> [Listed records]
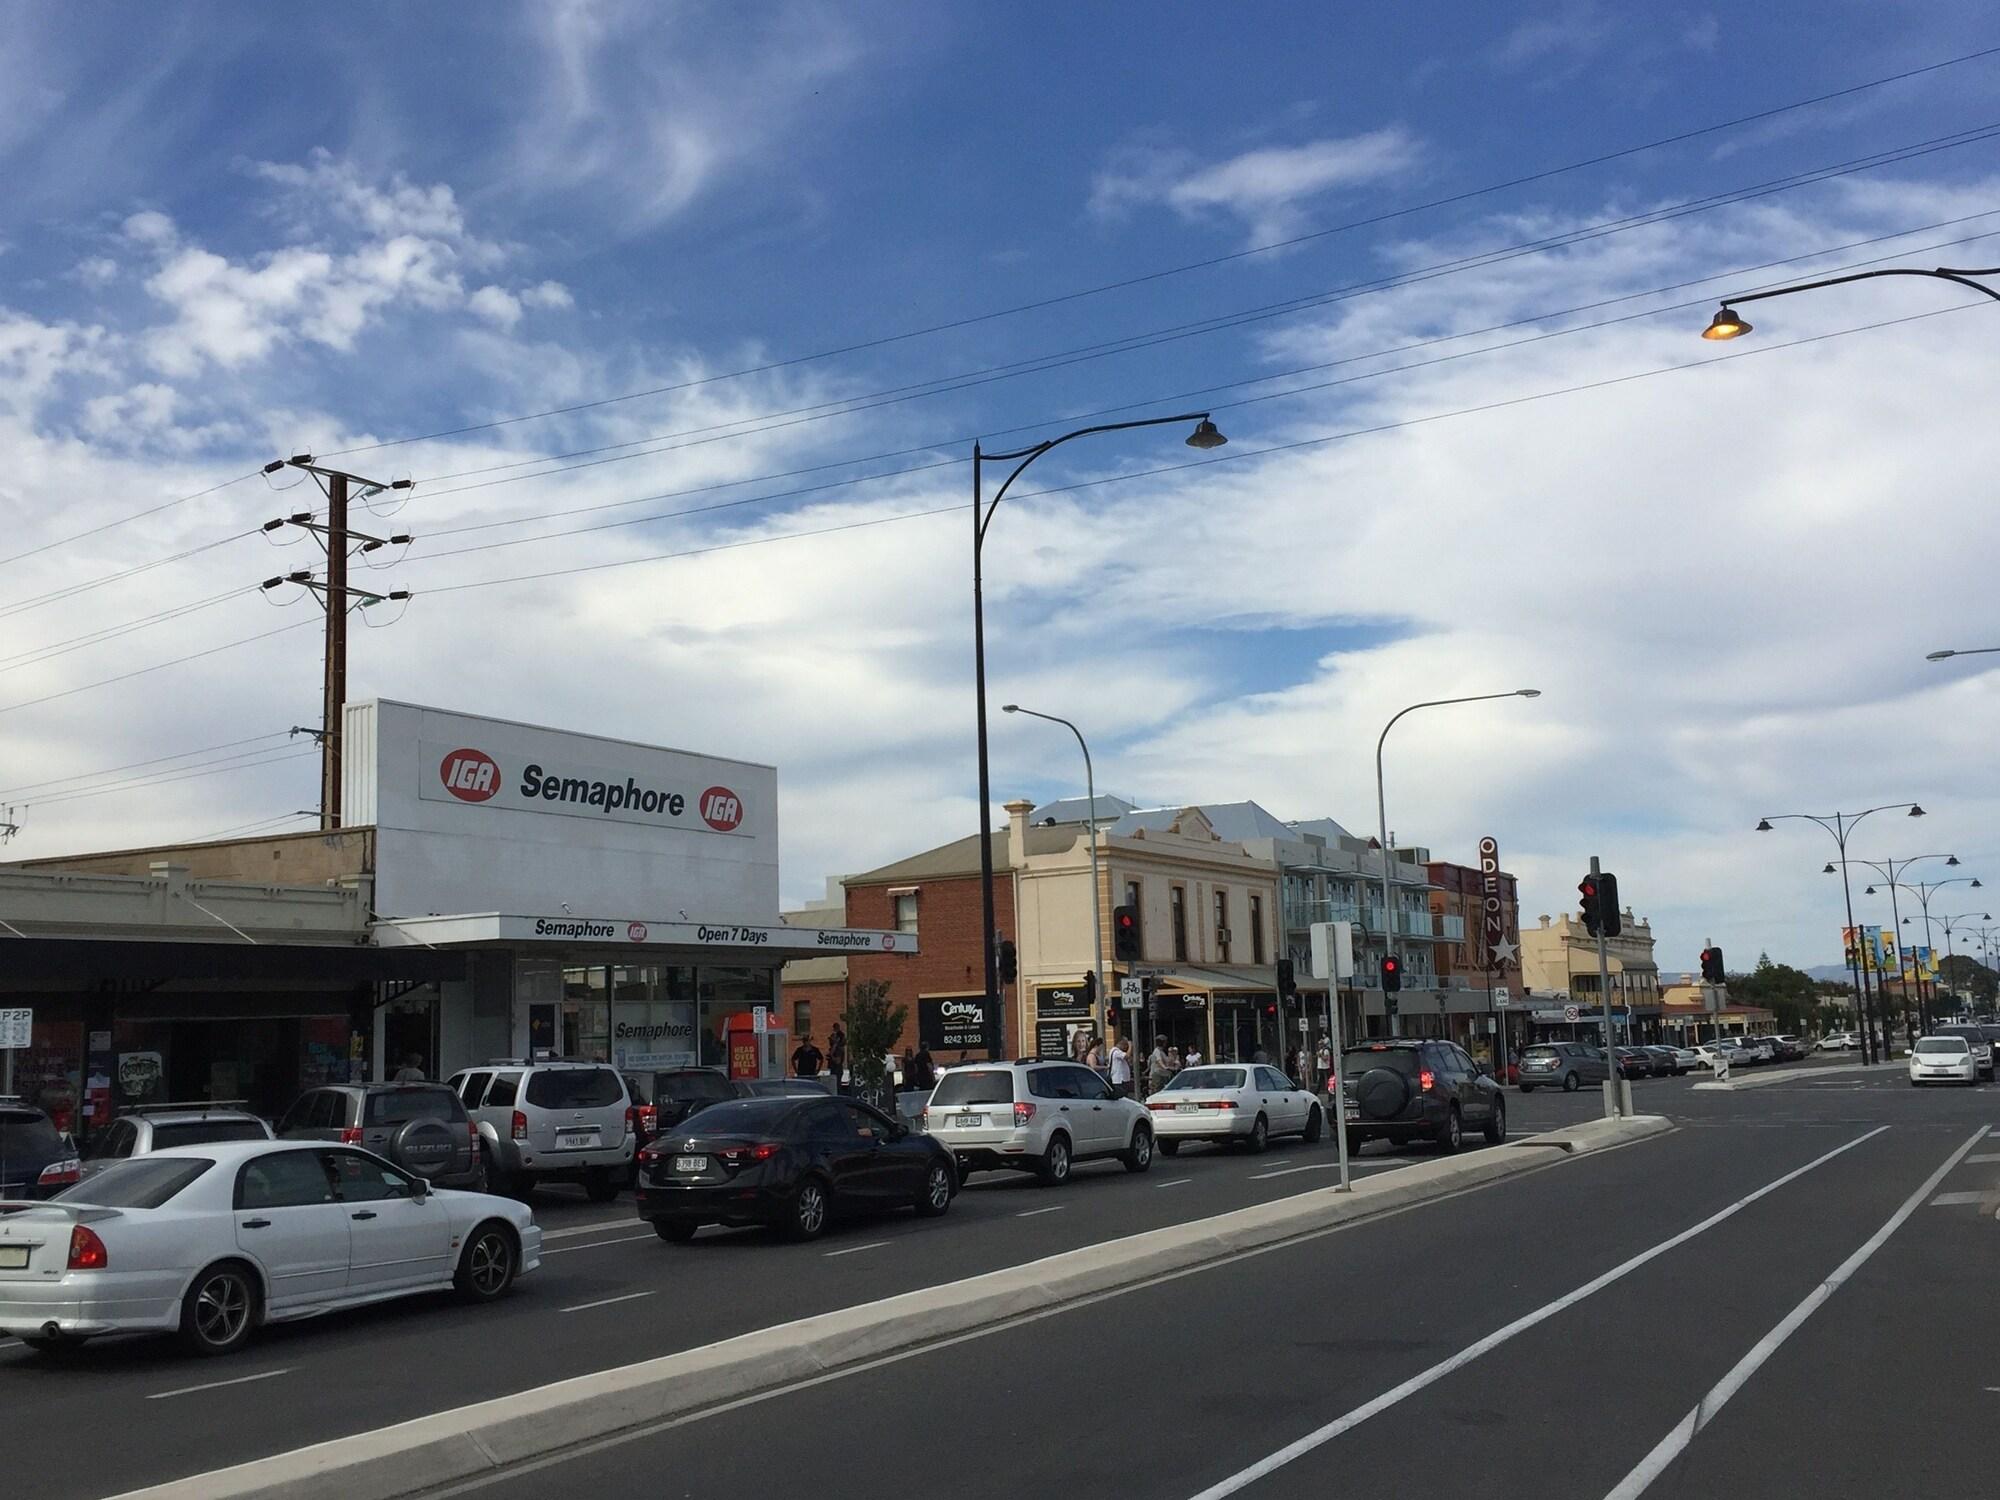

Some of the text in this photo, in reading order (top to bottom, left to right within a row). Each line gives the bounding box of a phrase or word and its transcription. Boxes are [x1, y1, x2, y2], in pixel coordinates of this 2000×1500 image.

[446, 758, 495, 792] IGA
[520, 764, 685, 816] Semaphore
[704, 794, 738, 823] IGA
[1480, 838, 1501, 932] ODEON
[535, 919, 614, 939] Semaphore
[698, 926, 768, 944] Open 7 Days
[817, 932, 870, 947] Semaphore
[1123, 997, 1141, 1005] LANE
[13, 1010, 31, 1020] 2P
[941, 1001, 984, 1023] Century 21
[616, 1021, 692, 1040] Semaphore
[943, 1034, 982, 1044] 8242 1233
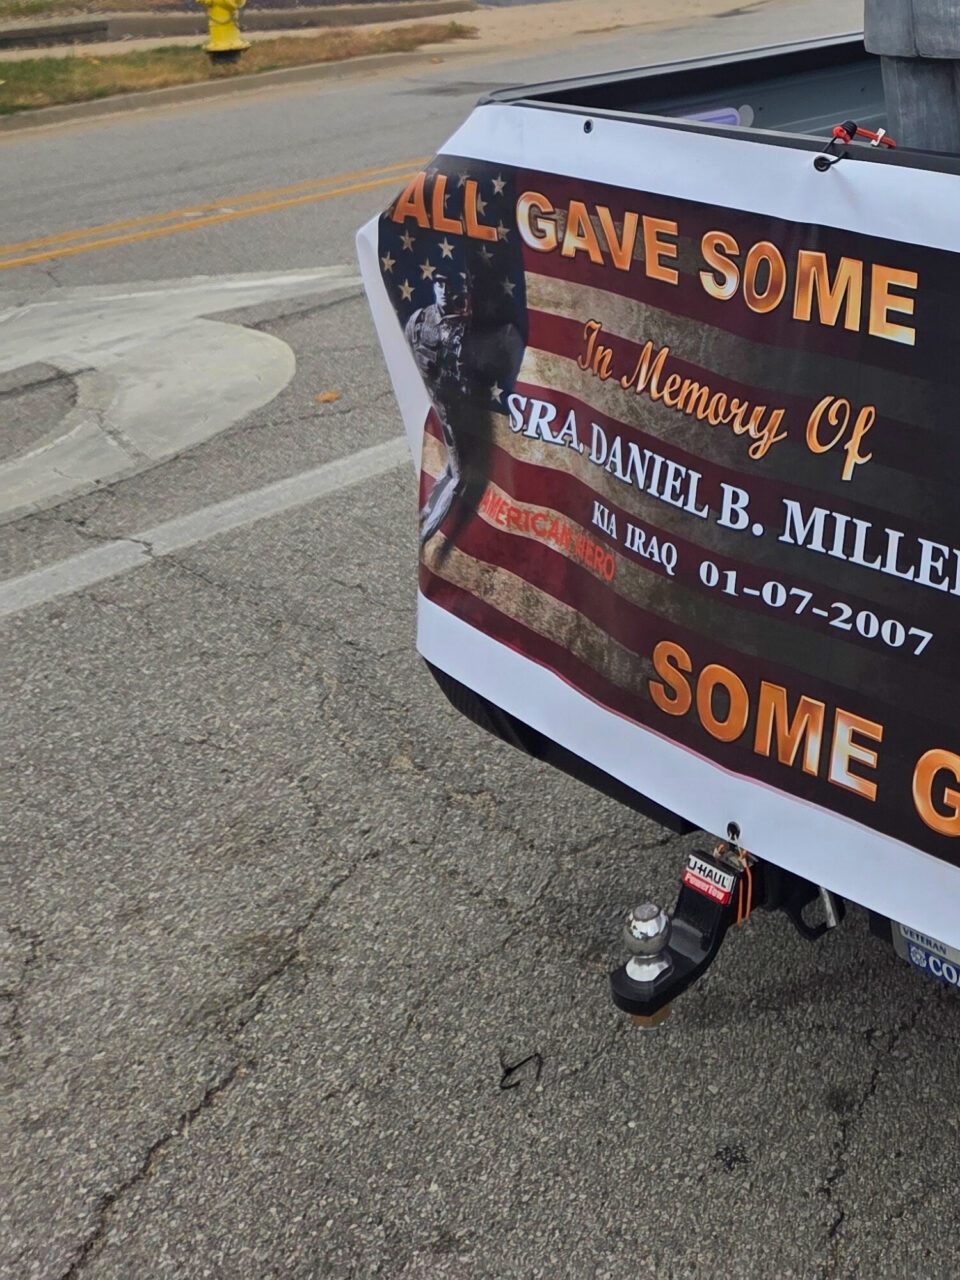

> [Task directions]
Please print all the entries exactly as written, but drop the pictures.

> [Response box]
Some of the text in this photo, in reading order (top to bottom, left to right within a row). Each line gives the bounding box of a phrase or word and its transcription. Boxes are [x1, y1, x2, y2], in pixel coordinates of this 2000×1500 image.

[446, 758, 495, 792] IGA
[520, 764, 685, 816] Semaphore
[704, 794, 738, 823] IGA
[1480, 838, 1501, 932] ODEON
[535, 919, 614, 939] Semaphore
[698, 926, 768, 944] Open 7 Days
[817, 932, 870, 947] Semaphore
[1123, 997, 1141, 1005] LANE
[13, 1010, 31, 1020] 2P
[941, 1001, 984, 1023] Century 21
[616, 1021, 692, 1040] Semaphore
[943, 1034, 982, 1044] 8242 1233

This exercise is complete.